With news of job creation blazing ahead unimpeded in June, bond investors are having to backtrack on their bets on Fed rate cuts in the months ahead yet again. In the meantime, there may be a realization today that it makes little to no sense to sit in a fixed income asset with a negative real rate of return when you have companies like JPM, as one very obvious example, spitting off a 3% dividend while trading at a 10x forward earnings multiple with the added bonus of a massive stock buyback recently being announced.
The reality of the situation is that there is a significant chance that the entirety of the fixed income community globally is completely misallocated presently.
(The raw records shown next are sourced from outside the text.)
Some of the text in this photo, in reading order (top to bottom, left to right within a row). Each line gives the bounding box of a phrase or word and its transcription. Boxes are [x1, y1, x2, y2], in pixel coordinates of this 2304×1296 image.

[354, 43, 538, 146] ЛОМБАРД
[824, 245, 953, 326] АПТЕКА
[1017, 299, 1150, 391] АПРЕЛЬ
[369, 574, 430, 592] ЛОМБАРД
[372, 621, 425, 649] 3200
The pervasive, perpetual fear of an economic slowdown that seems to be ingrained in the DNA of bond investors can only cost them for so long. At some point, perhaps in the very near-term, the reality of the relative value available in equities becomes apparent.
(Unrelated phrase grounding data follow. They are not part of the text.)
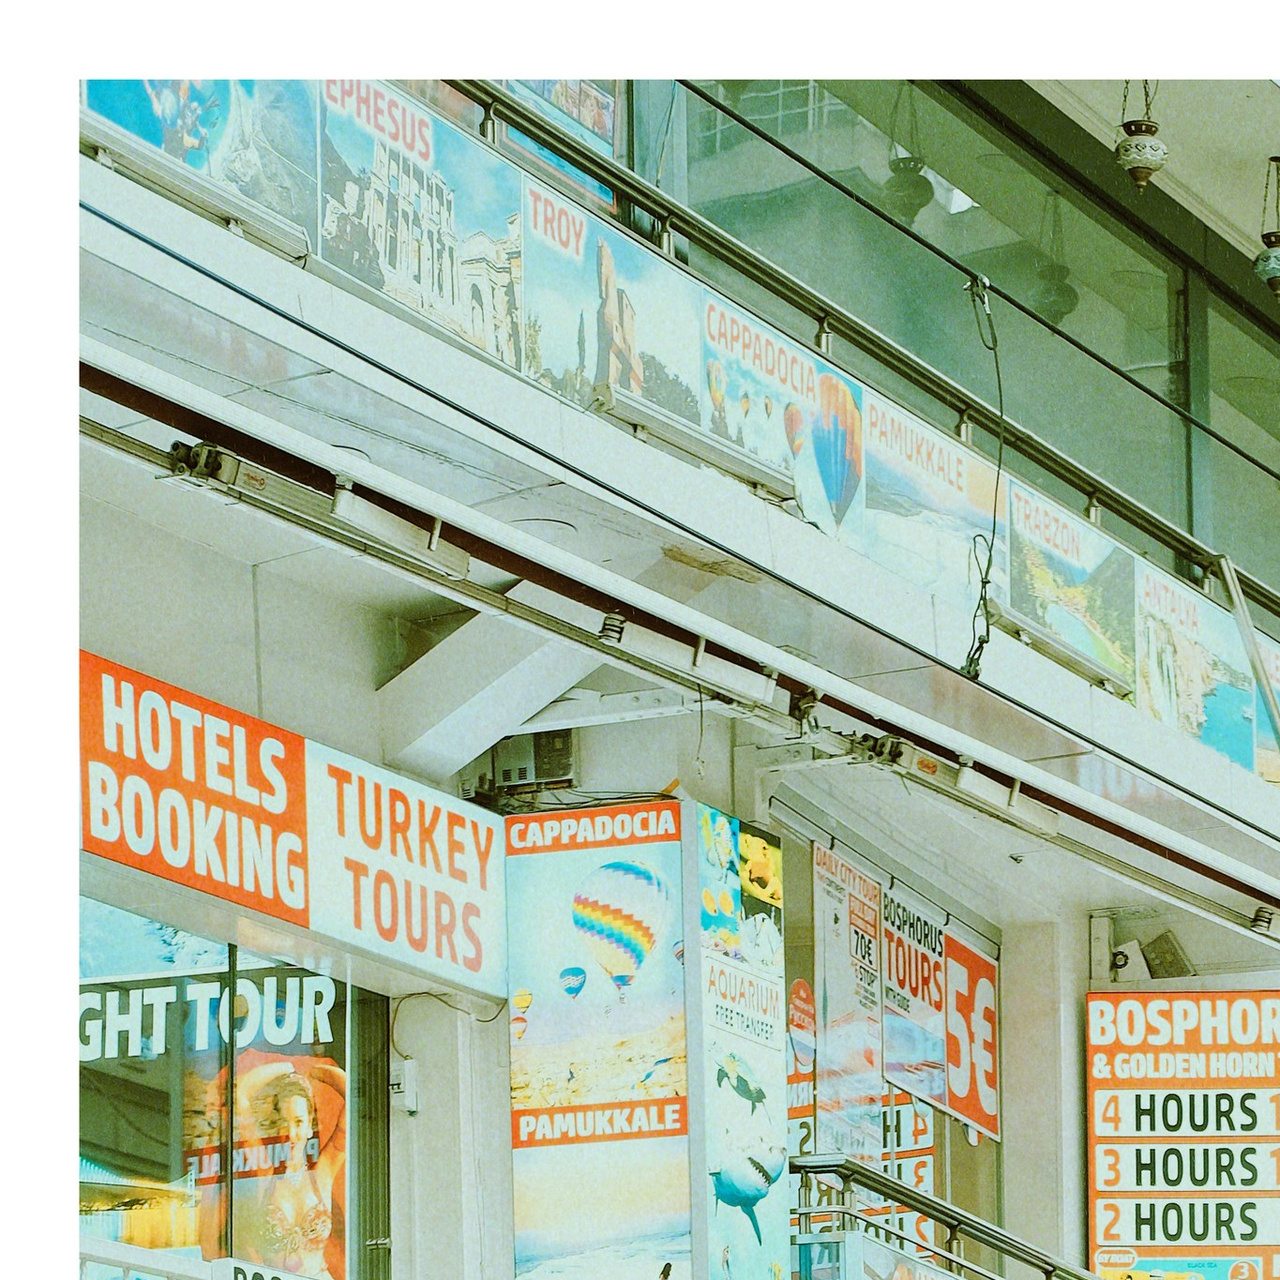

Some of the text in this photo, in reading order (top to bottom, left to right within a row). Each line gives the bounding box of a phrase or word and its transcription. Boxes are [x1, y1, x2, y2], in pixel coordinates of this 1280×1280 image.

[325, 79, 430, 161] EPHESUS
[528, 189, 584, 256] TROY
[706, 303, 816, 404] CAPPADOCIA
[869, 403, 964, 493] PAMUKKALE
[1013, 493, 1080, 559] TRABZON
[101, 673, 288, 815] HOTELS
[87, 761, 306, 910] BOOKING
[327, 763, 494, 891] TURKEY
[509, 809, 676, 849] CAPPADOCIA
[344, 857, 482, 974] TOURS
[882, 890, 945, 958] BOSPHORUS
[707, 965, 780, 1020] AQUARIUM
[884, 927, 944, 1014] TOURS
[187, 975, 337, 1052] TOUR
[714, 1003, 734, 1028] FREE
[735, 1008, 775, 1041] TRANSFER
[946, 956, 998, 1117] 5€
[1092, 1053, 1112, 1079] &
[1114, 1052, 1207, 1079] GOLDEN
[1209, 1052, 1275, 1078] HORN
[519, 1104, 682, 1142] PAMUKKALE
[1101, 1094, 1122, 1132] 4
[1134, 1092, 1258, 1132] HOURS
[1103, 1148, 1121, 1187] 3
[1134, 1147, 1259, 1186] HOURS
[1103, 1203, 1121, 1241] 2
[1134, 1202, 1258, 1241] HOURS
[1238, 1263, 1249, 1280] 3
What happens when literally trillions of dollars of misallocated capital globally realizes that the have been overly-pessimistic in their assessment of the economy? What happens when these same investors begin feeling pressure to deliver returns by actually embracing risk instead of settling for capital preservation at a zero real rate of return?
While it may seem that equities are extended due to the unprecedented nature of the current expansion, the reality of the situation given global capital allocation favoring fixed income, may be that the persistent trend up in equities has quite a number of years left, with the added bonus of an acceleration in the trend up as capital is forced to seek real returns in excess of zero.